Kantar AI Summit- Under Embargo till Wednesday, 24th April 2024, 4 PM, IST.pdf
Kantar AI Summit- Under Embargo till Wednesday, 24th April 2024, 4 PM, IST.pdfKantar AI Summit- Under Embargo till Wednesday, 24th April 2024, 4 PM, IST.pdf
Kantar AI Summit- Under Embargo till Wednesday, 24th April 2024, 4 PM, IST.pdf
 
Industrialised data - the key to AI success.pdf
Industrialised data - the key to AI success.pdfIndustrialised data - the key to AI success.pdf
Industrialised data - the key to AI success.pdf
 
办理学位证纽约大学毕业证(NYU毕业证书)原版一比一
办理学位证纽约大学毕业证(NYU毕业证书)原版一比一办理学位证纽约大学毕业证(NYU毕业证书)原版一比一
办理学位证纽约大学毕业证(NYU毕业证书)原版一比一
 
Call Girls In Dwarka 9654467111 Escorts Service
Call Girls In Dwarka 9654467111 Escorts ServiceCall Girls In Dwarka 9654467111 Escorts Service
Call Girls In Dwarka 9654467111 Escorts Service
 
Call Girls in Defence Colony Delhi 💯Call Us 🔝8264348440🔝
Call Girls in Defence Colony Delhi 💯Call Us 🔝8264348440🔝Call Girls in Defence Colony Delhi 💯Call Us 🔝8264348440🔝
Call Girls in Defence Colony Delhi 💯Call Us 🔝8264348440🔝
 
꧁❤ Aerocity Call Girls Service Aerocity Delhi ❤꧂ 9999965857 ☎️ Hard And Sexy ...
꧁❤ Aerocity Call Girls Service Aerocity Delhi ❤꧂ 9999965857 ☎️ Hard And Sexy ...꧁❤ Aerocity Call Girls Service Aerocity Delhi ❤꧂ 9999965857 ☎️ Hard And Sexy ...
꧁❤ Aerocity Call Girls Service Aerocity Delhi ❤꧂ 9999965857 ☎️ Hard And Sexy ...
 
代办国外大学文凭《原版美国UCLA文凭证书》加州大学洛杉矶分校毕业证制作成绩单修改
代办国外大学文凭《原版美国UCLA文凭证书》加州大学洛杉矶分校毕业证制作成绩单修改代办国外大学文凭《原版美国UCLA文凭证书》加州大学洛杉矶分校毕业证制作成绩单修改
代办国外大学文凭《原版美国UCLA文凭证书》加州大学洛杉矶分校毕业证制作成绩单修改
 

EDA On Haberman Data

  • 1. EDA on Haberman's Survival Data Objective: The objective is to classify whether the patient survive after operation of breast cancer or not. Data Description: Data is collected from https://www.kaggle.com/gowtamsingulur/habermancsv.
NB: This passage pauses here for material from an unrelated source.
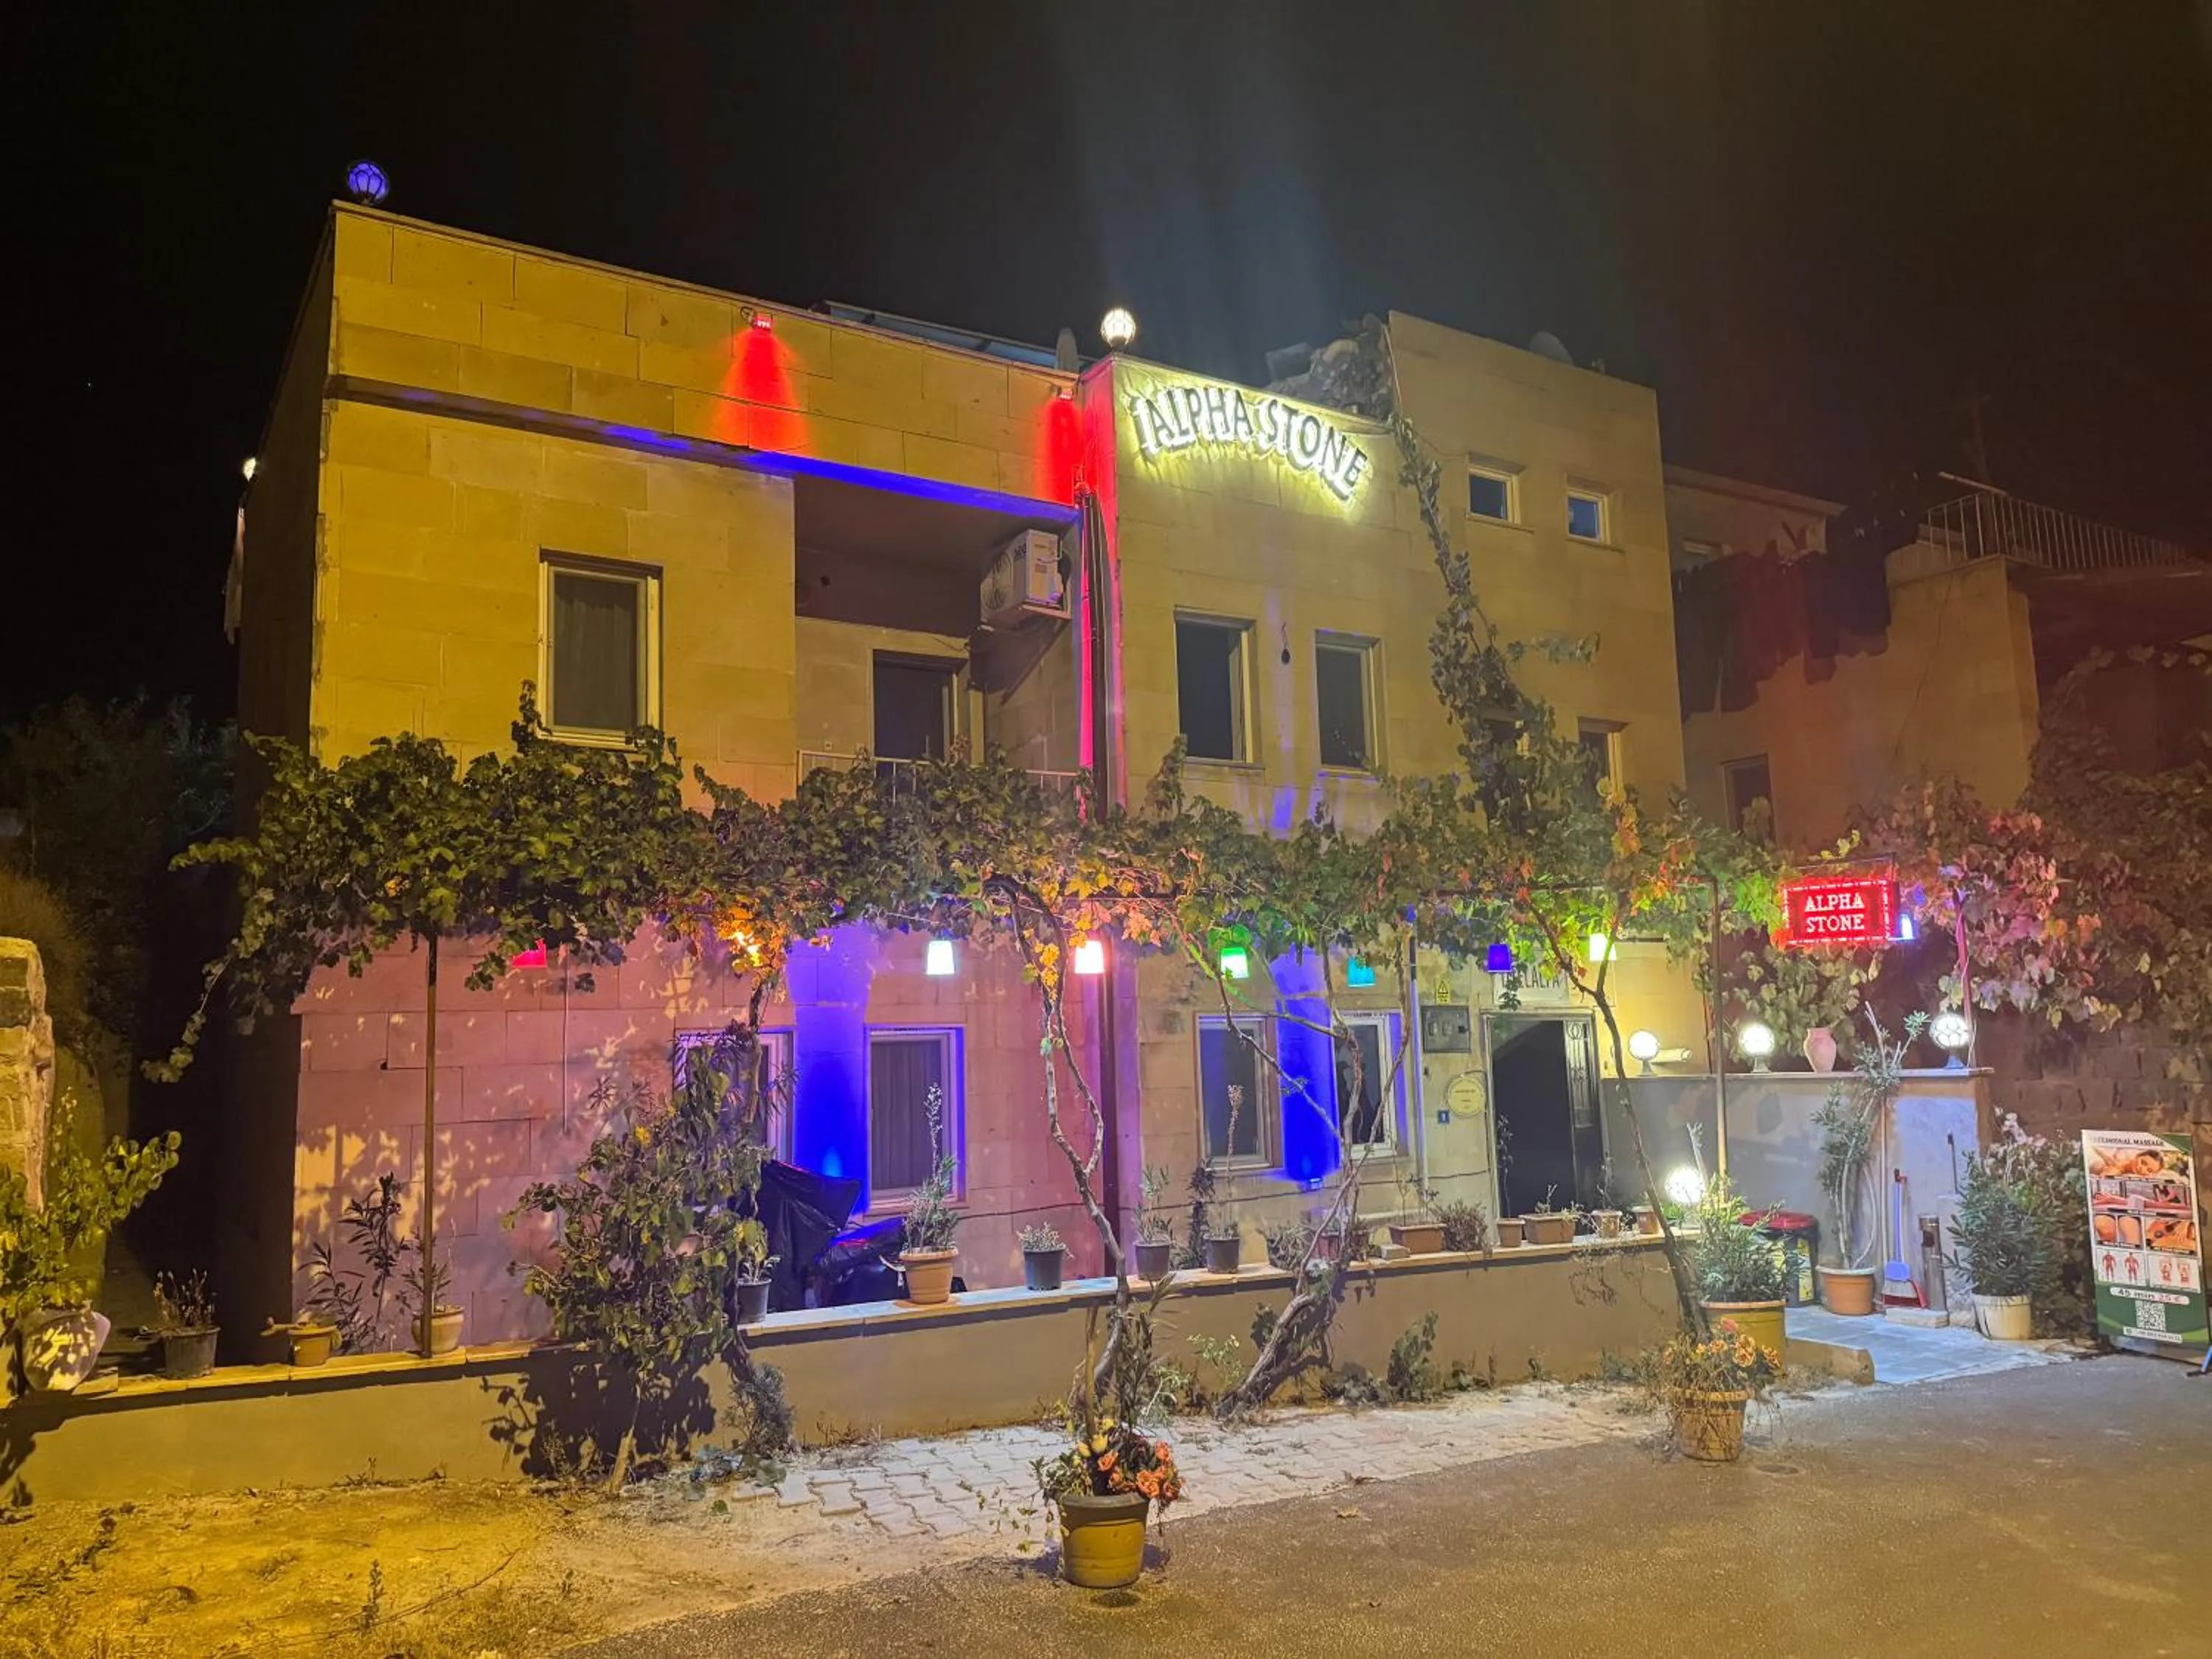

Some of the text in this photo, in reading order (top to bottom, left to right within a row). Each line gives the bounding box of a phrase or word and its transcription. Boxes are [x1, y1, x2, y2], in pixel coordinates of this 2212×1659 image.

[1138, 386, 1368, 490] ALPHA STONE
[1805, 893, 1864, 912] ALPHA
[1806, 914, 1865, 932] STONE
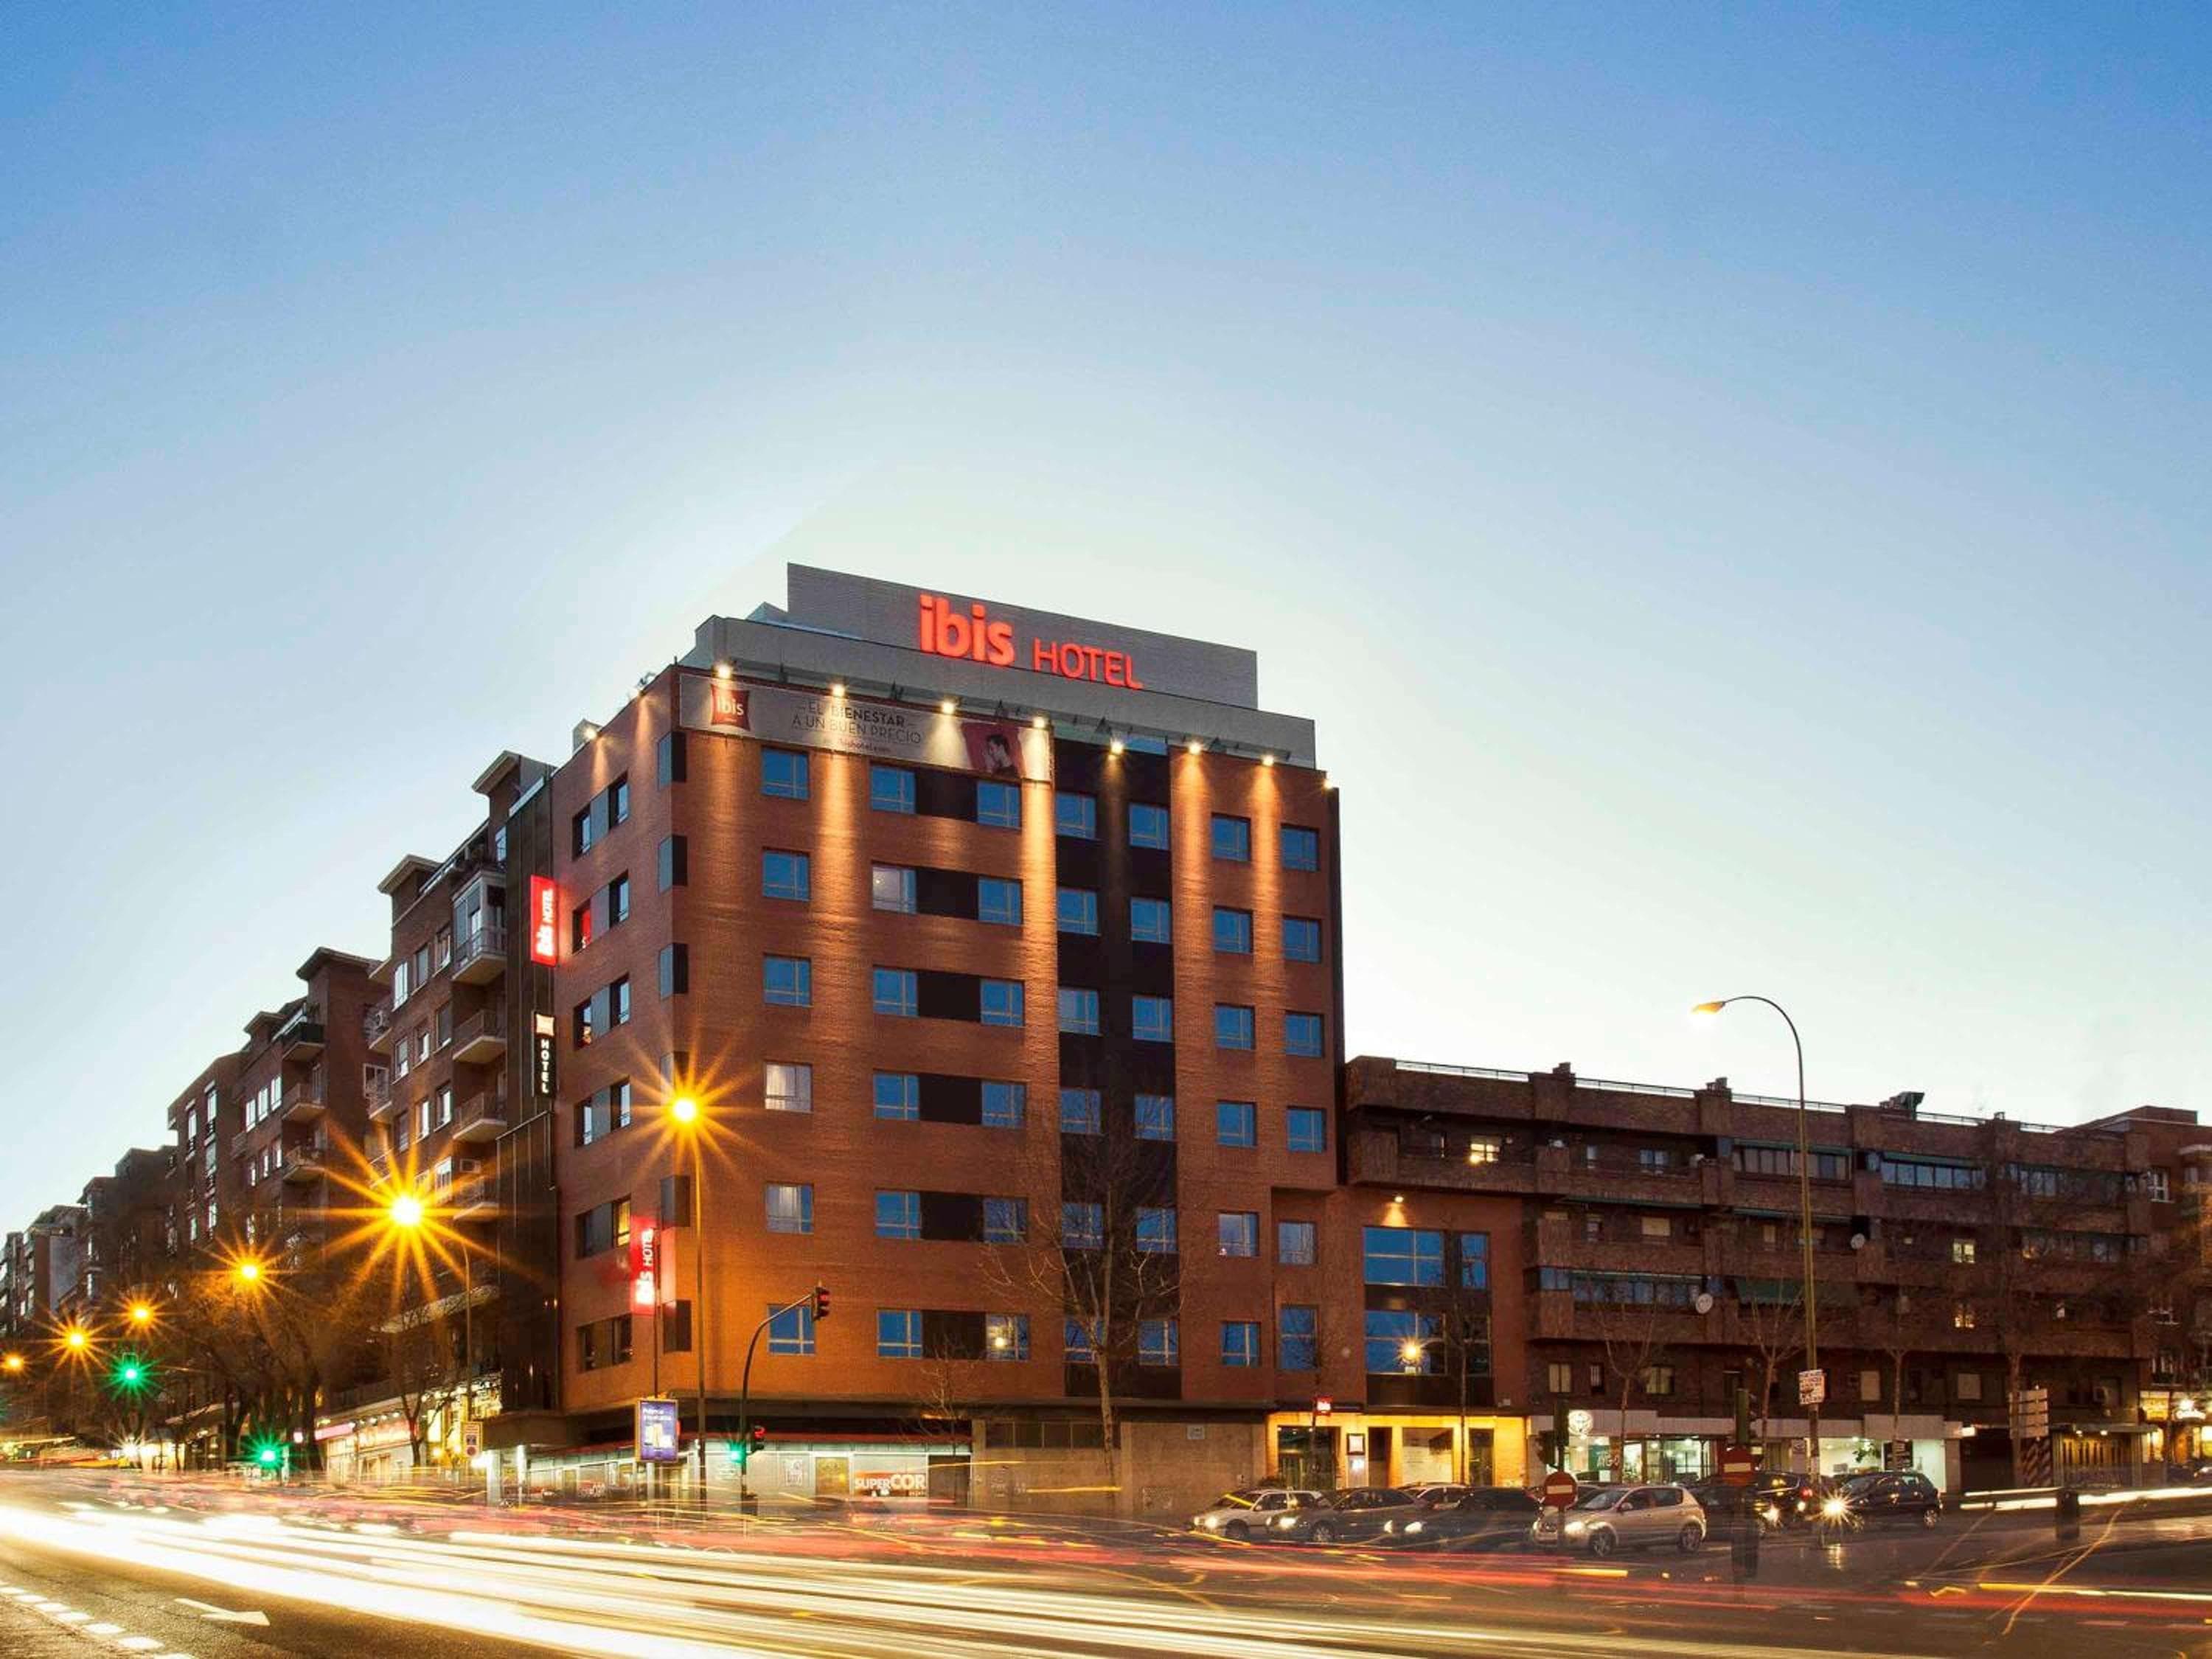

The data set contains cases from a study that was conducted between 1958 and 1970 at the University of Chicago's Billings Hospital on the survival of patients who had undergone surgery for breast cancer. Importing Libraries In [1]: import numpy as np import pandas as pd import matplotlib.pyplot as plt import seaborn as sns Loading data In [2]: data=pd.read_csv("C:/Users/KIIT/Applied_AI_Practice_Data/Haberman/haberman.csv") data.head() In [3]: data.columns 'age'- Age of patient at the time of operation. 'year'- Year of operation(i.e 1900). 'Nodes'- No. of positive Axillary Lymph Nodes(Lymph Nodes are small, bean-shaped organs that acts as filter, which are present in underarm. If Lymph Nodes have some cancer cells in them, they are called positive.) 'status'- It is the survival status of patient. In [4]: data.count() Out[2]: age year nodes status 0 30 64 1 1 1 30 62 3 1 2 30 65 0 1 3 31 59 2 1 4 31 65 4 1 Out[3]: Index(['age', 'year', 'nodes', 'status'], dtype='object') Out[4]:
  • 2. In [5]: data.isnull().sum() In [6]: data['status'].value_counts() Observations There are 4 columns, out of these 'status' is the output column. In status there are 2 class- 1-> 'survival', 2-> 'Death'. There are total of 306 entity. There is no missing value in the dataset. In [7]: data['status']=data['status'].apply(lambda x: 'survived' if x==1 else 'died') For better understanding let 1-> 'survived' and 2-> 'died' In [8]: s=sns.FacetGrid(data,hue='status',height=6) s=s.map(sns.distplot,'age') s.add_legend() plt.show() Out[4]: age 306 year 306 nodes 306 status 306 dtype: int64 Out[5]: age 0 year 0 nodes 0 status 0 dtype: int64 Out[6]: 1 225 2 81 Name: status, dtype: int64
  • 4. Observation From the 1st plot we can say that there is more chance that the patient having age less than 35 can survived. and patient having age more than 75 have less chance of survival. majority of patient survive have less than 5 postive nodes. But using this plot we can't distinguish 2 classes clearly. In [11]: sns.set_style('whitegrid') sns.pairplot(data,hue='status',height=5) plt.show() Observation By looking the scatter plots we can't distinguish class. In [12]: sns.boxplot(x='status',y='age',data=data) plt.show()
  • 5. In [13]: sns.boxplot(x='status',y='year',data=data) plt.show() In [14]: sns.boxplot(x='status',y='nodes',data=data) plt.show() Observation we may conclude the patient having 3-4 or less no. of positive nodes are survived. 75% of survived patient having less than 4 positive nodes.